=== Activity ===
Only the pictures are to be dropped; return all other data below exactly.

=== Saved entries ===
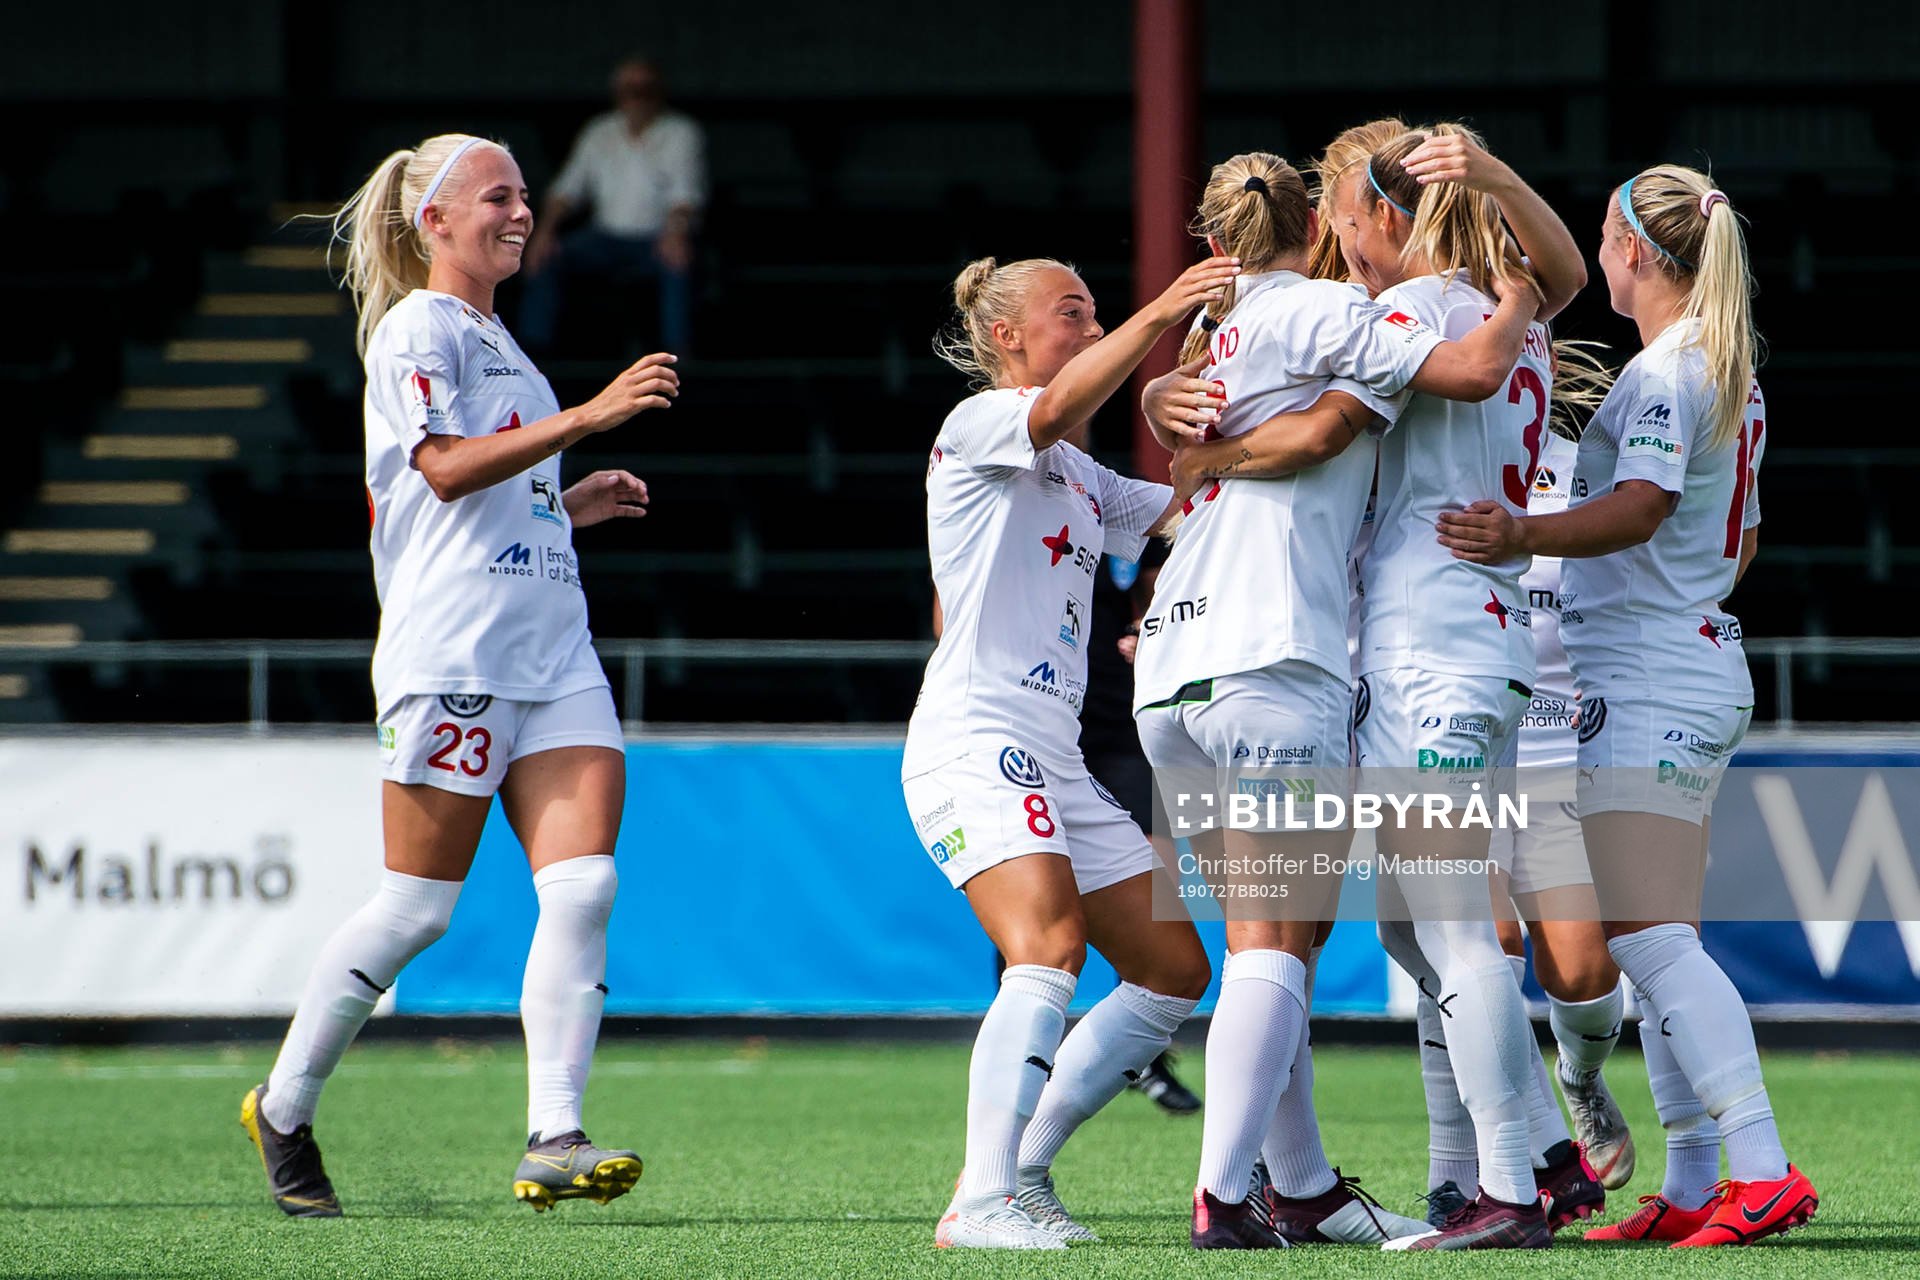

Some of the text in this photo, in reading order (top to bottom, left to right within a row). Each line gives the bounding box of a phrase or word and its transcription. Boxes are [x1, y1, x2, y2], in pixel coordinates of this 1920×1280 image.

[1503, 366, 1546, 510] 3
[1628, 436, 1675, 453] PEAB
[488, 566, 535, 577] MIDROC
[1020, 678, 1061, 698] MIDROC
[1527, 698, 1567, 714] assy
[427, 722, 492, 777] 23
[1257, 745, 1317, 759] Damstahl
[920, 796, 955, 828] Damstahl
[1024, 793, 1056, 838] 8
[24, 833, 296, 903] Malmö
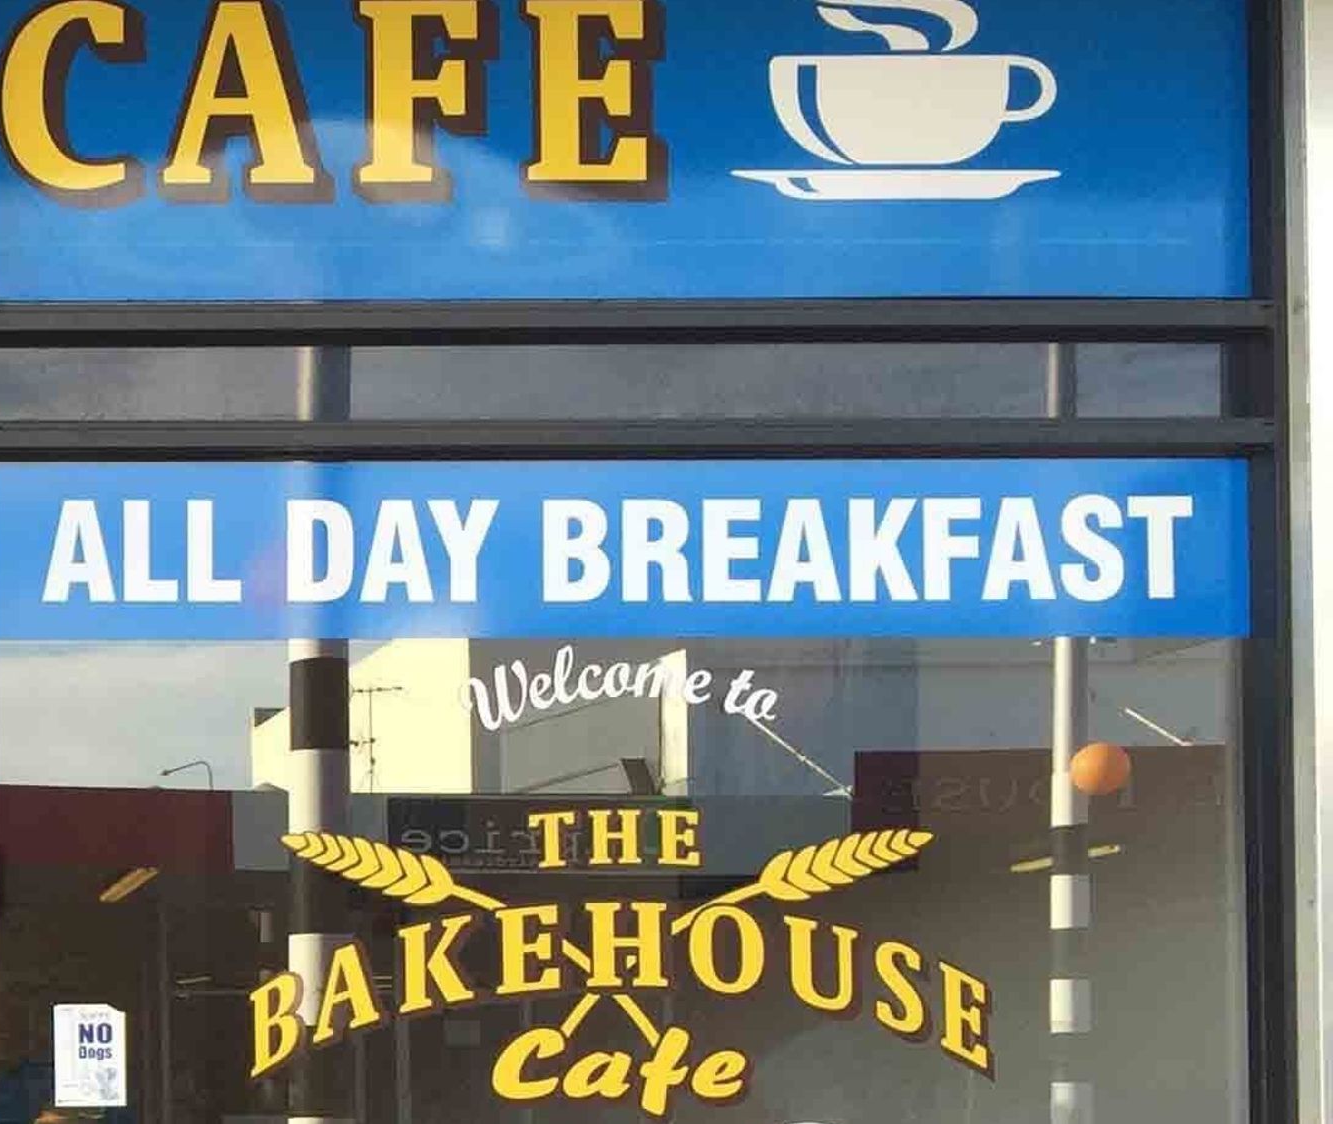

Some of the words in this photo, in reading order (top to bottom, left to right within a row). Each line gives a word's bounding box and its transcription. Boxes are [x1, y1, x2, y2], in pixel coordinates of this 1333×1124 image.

[0, 0, 655, 192] CAFE
[42, 500, 242, 603] ALL
[285, 500, 499, 603] DAY
[542, 495, 1193, 602] BREAKFAST
[460, 644, 712, 731] Welcome
[723, 669, 779, 722] to
[529, 809, 701, 868] THE
[78, 1022, 113, 1044] NO
[250, 902, 993, 1079] BAKEHOUSE
[78, 1045, 112, 1061] Dogs
[491, 1027, 746, 1117] Cafe
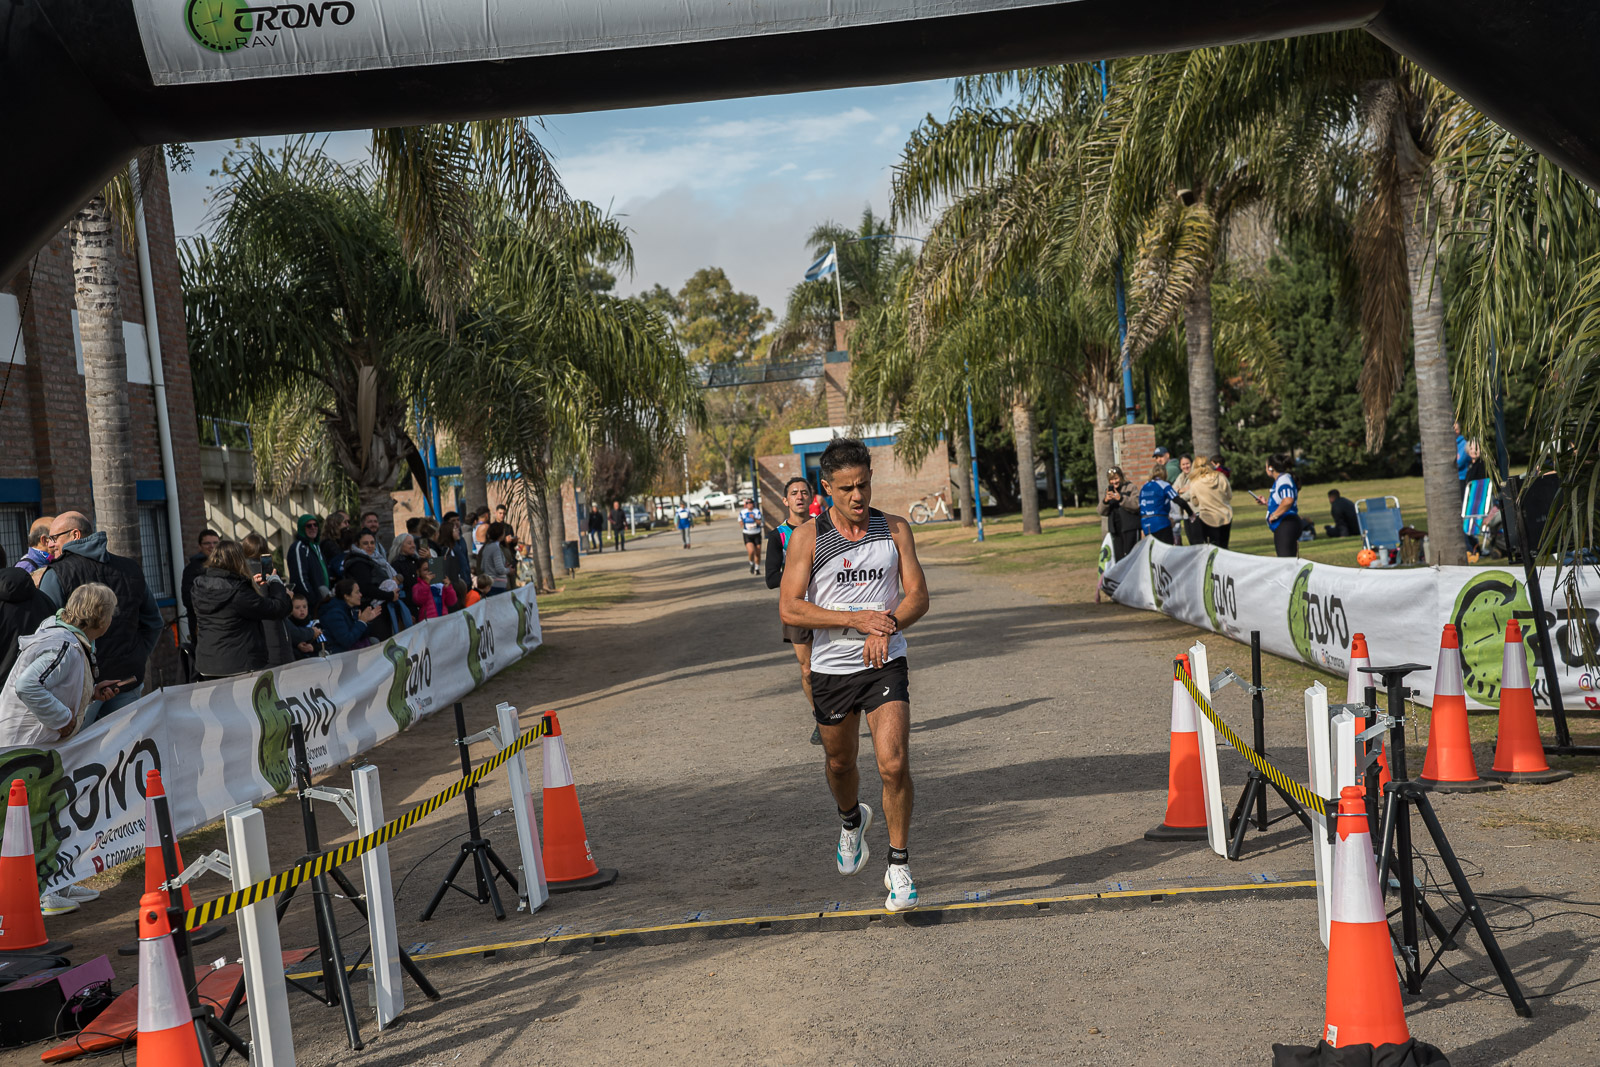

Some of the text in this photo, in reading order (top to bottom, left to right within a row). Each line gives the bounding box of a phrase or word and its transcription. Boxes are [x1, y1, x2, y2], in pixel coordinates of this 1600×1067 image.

[234, 1, 355, 32] CRONO
[235, 35, 277, 48] RAV
[837, 568, 883, 582] ATENAS
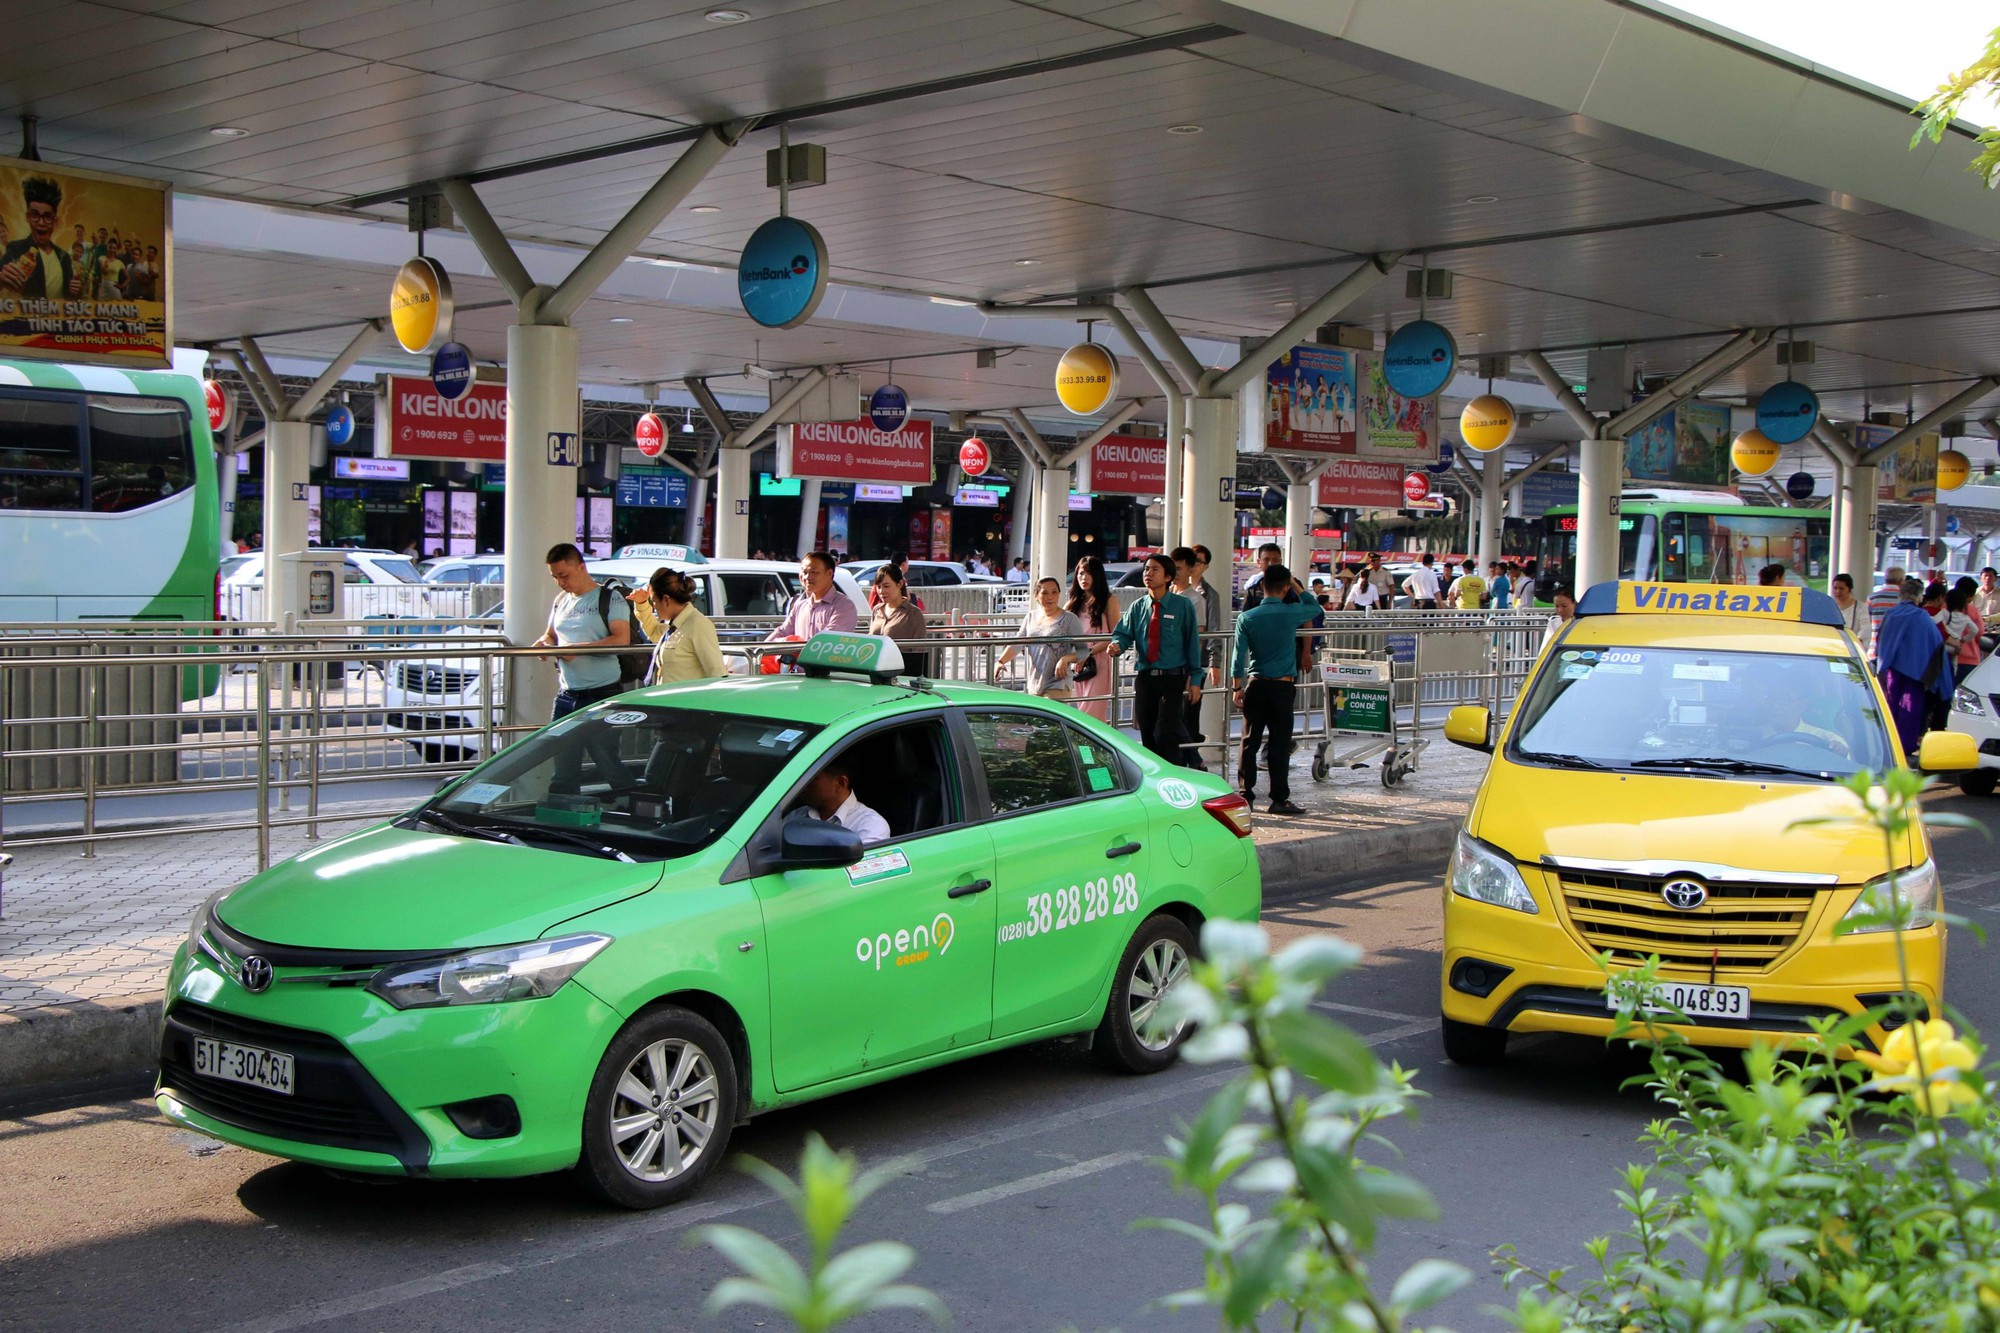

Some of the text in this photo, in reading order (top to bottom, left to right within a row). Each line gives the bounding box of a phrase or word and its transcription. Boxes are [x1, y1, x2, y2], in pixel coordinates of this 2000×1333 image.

[20, 298, 60, 315] THÊM
[65, 300, 94, 316] SỨC
[97, 304, 139, 318] MẠNH
[55, 334, 84, 344] CHINH
[86, 337, 109, 346] PHỤC
[1059, 375, 1107, 385] 0933.33.99.88
[327, 421, 341, 432] VIB
[416, 429, 458, 441] 1900 6929
[800, 423, 925, 450] KIENLONGBANK
[810, 451, 841, 462] 1900 6929
[856, 456, 925, 469] www.kienlongbank.com
[961, 458, 984, 467] VIFON
[360, 463, 398, 473] VIETBANK
[637, 547, 684, 557] VINASUN TAXI
[1633, 586, 1788, 613] Vinataxi
[1600, 652, 1642, 663] 5008
[1361, 693, 1388, 701] NHANH
[613, 712, 638, 722] 1213
[1162, 783, 1191, 803] 1213
[1026, 892, 1053, 937] 38
[1055, 885, 1082, 930] 28
[1084, 877, 1109, 923] 28
[1113, 872, 1139, 915] 28
[896, 950, 929, 968] GROUP
[197, 1041, 289, 1090] 51F-304.64

=== Your solution ===
Some of the text in this photo, in reading order (top to bottom, left to right within a row). Each line gives the bounding box of a phrase or word and its transcription. Boxes are [x1, y1, x2, y2], in pixel coordinates of this 1920×1280 image.

[1503, 366, 1546, 510] 3
[1628, 436, 1675, 453] PEAB
[488, 566, 535, 577] MIDROC
[1020, 678, 1061, 698] MIDROC
[1527, 698, 1567, 714] assy
[427, 722, 492, 777] 23
[1257, 745, 1317, 759] Damstahl
[920, 796, 955, 828] Damstahl
[1024, 793, 1056, 838] 8
[24, 833, 296, 903] Malmö

Some of the words in this photo, in reading order (top to bottom, left to right within a row). Each line gives a word's bounding box and its transcription. Boxes are [x1, y1, x2, y2], in pixel coordinates of this 1333×1124 image.

[0, 0, 655, 192] CAFE
[42, 500, 242, 603] ALL
[285, 500, 499, 603] DAY
[542, 495, 1193, 602] BREAKFAST
[460, 644, 712, 731] Welcome
[723, 669, 779, 722] to
[529, 809, 701, 868] THE
[78, 1022, 113, 1044] NO
[250, 902, 993, 1079] BAKEHOUSE
[78, 1045, 112, 1061] Dogs
[491, 1027, 746, 1117] Cafe

Some of the text in this photo, in reading order (top to bottom, left to right within a row). Each line gives the bounding box of a phrase or word and its transcription. Boxes are [x1, y1, x2, y2], in pixel coordinates of this 1600×1067 image.

[234, 1, 355, 32] CRONO
[235, 35, 277, 48] RAV
[837, 568, 883, 582] ATENAS

Some of the text in this photo, in reading order (top to bottom, left to right within a row). Each line gives the bounding box of a phrase or word and its transcription. Boxes are [x1, y1, x2, y2], in pixel coordinates of this 2000×1333 image.

[20, 298, 60, 315] THÊM
[65, 300, 94, 316] SỨC
[97, 304, 139, 318] MẠNH
[55, 334, 84, 344] CHINH
[86, 337, 109, 346] PHỤC
[1059, 375, 1107, 385] 0933.33.99.88
[327, 421, 341, 432] VIB
[416, 429, 458, 441] 1900 6929
[800, 423, 925, 450] KIENLONGBANK
[810, 451, 841, 462] 1900 6929
[856, 456, 925, 469] www.kienlongbank.com
[961, 458, 984, 467] VIFON
[360, 463, 398, 473] VIETBANK
[637, 547, 684, 557] VINASUN TAXI
[1633, 586, 1788, 613] Vinataxi
[1600, 652, 1642, 663] 5008
[1361, 693, 1388, 701] NHANH
[613, 712, 638, 722] 1213
[1162, 783, 1191, 803] 1213
[1026, 892, 1053, 937] 38
[1055, 885, 1082, 930] 28
[1084, 877, 1109, 923] 28
[1113, 872, 1139, 915] 28
[896, 950, 929, 968] GROUP
[197, 1041, 289, 1090] 51F-304.64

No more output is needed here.